======== Exercise data

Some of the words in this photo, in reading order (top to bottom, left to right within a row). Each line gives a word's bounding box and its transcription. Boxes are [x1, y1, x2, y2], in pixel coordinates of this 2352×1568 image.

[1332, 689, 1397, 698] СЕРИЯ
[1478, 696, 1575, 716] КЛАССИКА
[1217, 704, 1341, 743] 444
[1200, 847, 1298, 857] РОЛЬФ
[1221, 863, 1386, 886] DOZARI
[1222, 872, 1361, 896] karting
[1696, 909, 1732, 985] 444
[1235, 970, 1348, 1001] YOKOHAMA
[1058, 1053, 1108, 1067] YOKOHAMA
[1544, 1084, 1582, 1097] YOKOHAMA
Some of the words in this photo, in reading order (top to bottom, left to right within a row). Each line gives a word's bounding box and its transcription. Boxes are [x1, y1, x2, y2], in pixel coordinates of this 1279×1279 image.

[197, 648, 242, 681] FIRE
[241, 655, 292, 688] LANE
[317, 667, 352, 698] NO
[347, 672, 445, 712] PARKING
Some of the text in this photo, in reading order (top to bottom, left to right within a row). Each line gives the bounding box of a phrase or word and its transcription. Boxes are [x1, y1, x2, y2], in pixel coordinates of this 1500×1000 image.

================

• Exercise requirements: Every line from the one containing "this 1279×1279 image." to the end of the entries must be set down exactly, with none omitted and none added.

• Response to the task:
Some of the words in this photo, in reading order (top to bottom, left to right within a row). Each line gives a word's bounding box and its transcription. Boxes are [x1, y1, x2, y2], in pixel coordinates of this 1279×1279 image.

[197, 648, 242, 681] FIRE
[241, 655, 292, 688] LANE
[317, 667, 352, 698] NO
[347, 672, 445, 712] PARKING
Some of the text in this photo, in reading order (top to bottom, left to right within a row). Each line gives the bounding box of a phrase or word and its transcription. Boxes are [x1, y1, x2, y2], in pixel coordinates of this 1500×1000 image.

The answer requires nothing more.